Spanien mit Lamine Yamal gegen Ronaldos Portugiesen favorisiert
Im iberischen Duell Portugal – Spanien geht es am Montag (21.00 Uhr) um den Einzug in die WM-Viertelfinals. Am Dienstag (2.00 Uhr) zeigt sich, ob Co-Gastgeber USA gegen Belgien im Turnier verbleibt.
Die Achtelfinals waren für Spanien zuletzt so etwas wie ein Stopp-Schild. Bei den vergangenen beiden Weltmeisterschaften war in der Runde der letzten 16 Schluss: 2022 in Katar scheiterte man im Penaltyschiessen an Marokko und 2018 in Moskau kam das Aus gegen Gastgeber Russland – ebenfalls im Penaltyschiessen.
Aktuell erwartet niemand das Ausscheiden der Mannschaft von Luis de la Fuente, zu souverän waren die Leistungen nach dem 0:0 zum Auftakt gegen Kap Verde. Spanien ist an dieser Endrunde nach vier Partien noch ohne Gegentor, die Passmaschine läuft auf Hochtouren und Mikel Oyarzabal kommt immer besser in Form.
Yamal hat «vor niemandem Angst»
«Wir müssen weiter wachsen, aber wir haben vor niemandem Angst. Wir sind Spanien», sagte Lamine Yamal, für den es in Arlington, Texas, auch zum Generationenduell mit Cristiano Ronaldo kommt. Denn als der portugiesische Star bei der WM 2006 in Deutschland auf der WM-Bühne debütierte, war Spaniens Youngster noch nicht einmal auf der Welt.
«Es ist natürlich eine Ehre, gegen Cristiano zu spielen», erklärte Lamine Yamal vor seinem zweiten Duell mit dem 41-jährigen Portugiesen. Die volle Konzentration liege aber darauf, das Spiel zu gewinnen und eine Runde weiterzukommen.
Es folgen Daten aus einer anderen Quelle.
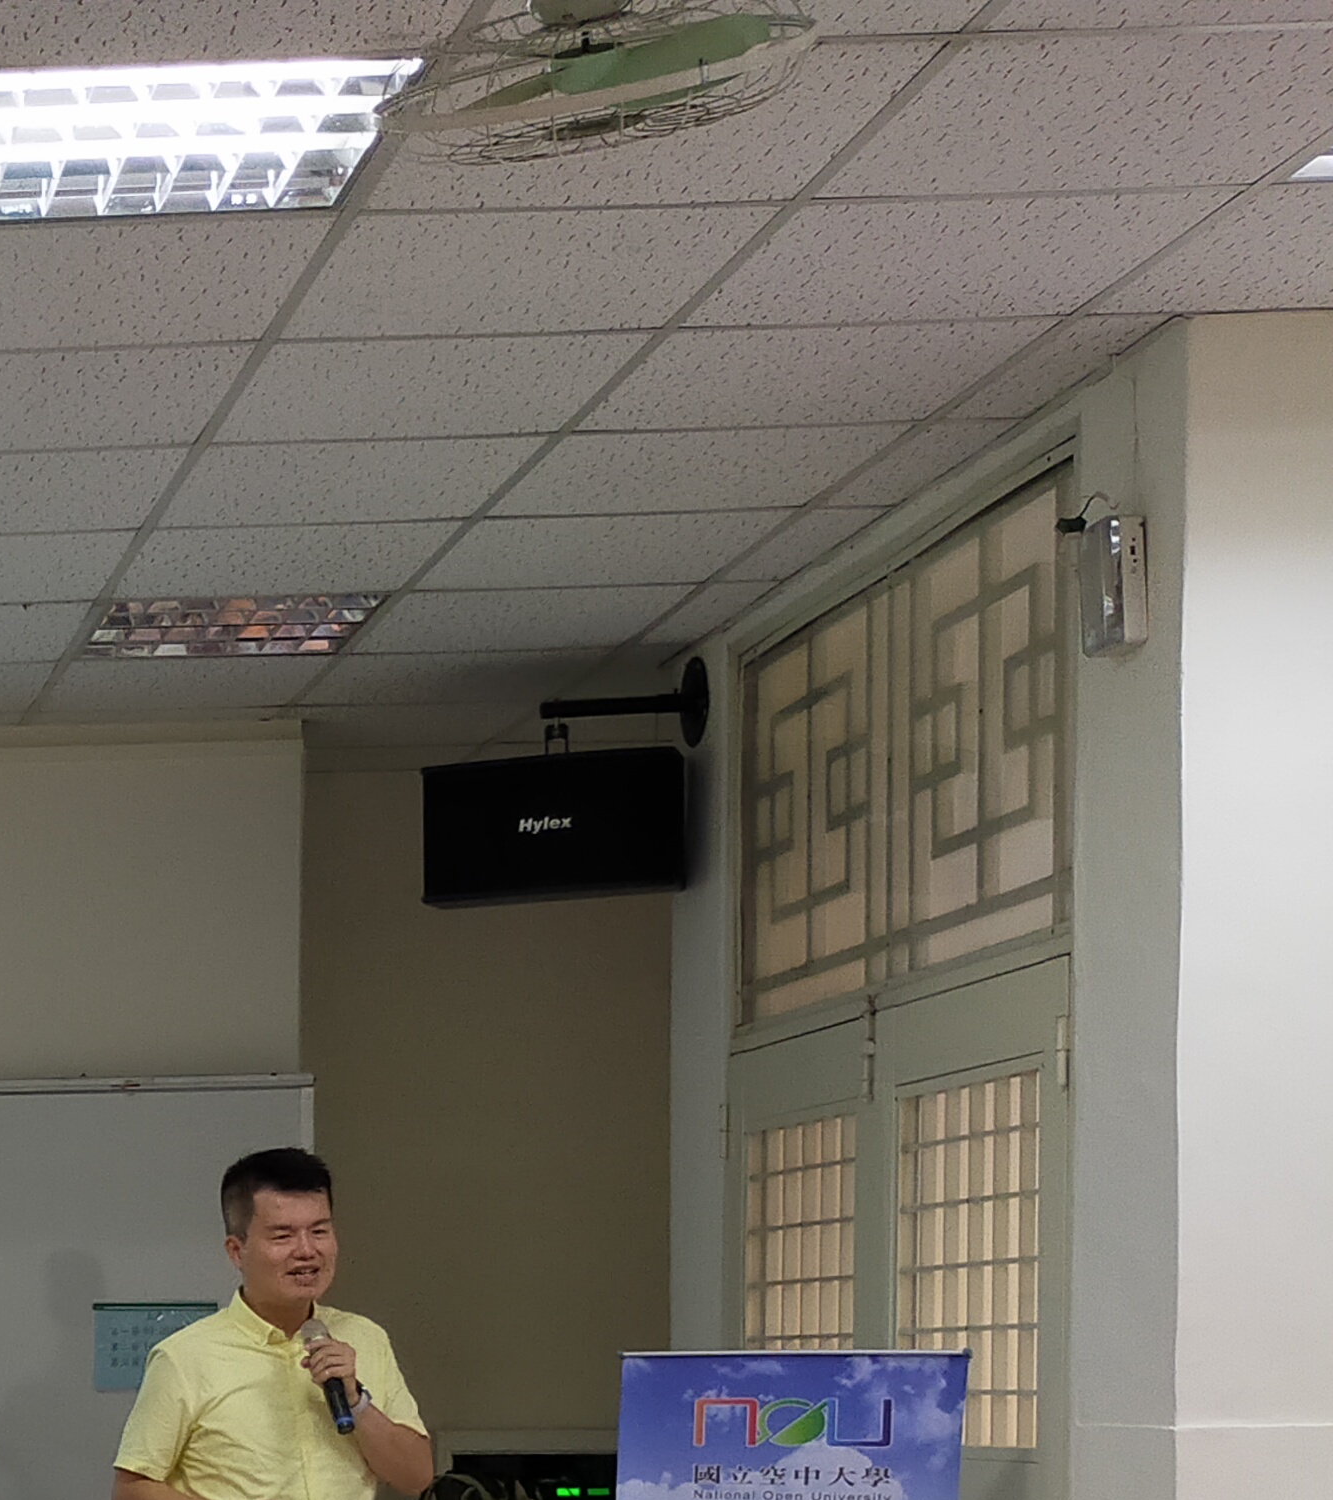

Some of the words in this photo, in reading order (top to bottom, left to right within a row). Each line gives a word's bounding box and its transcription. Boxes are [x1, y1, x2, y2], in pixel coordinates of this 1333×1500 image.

Portugals Turnierbilanz gegen den grossen Nachbarn ist trotz des Erfolgs im Nations-League-Final 2025 nicht gut. 2010 schied man im Achtelfinal mit 0:1 gegen den nachmaligen Weltmeister aus. Bei der EM zwei Jahre später erfolgte der K.o. im Halbfinal nach einem 0:0 nach 120 Minuten im Penaltyschiessen (mit 2:4).
Auch diesmal wirkt man im Vergleich zu den Spaniern deutlich weniger eingespielt und frisch. Die grosse Hoffnung: Dass der Sieg gegen Kroatien einem bis dahin eher lahmen Turnierverlauf von Ronaldo und Co. neuen Schwung gegeben hat.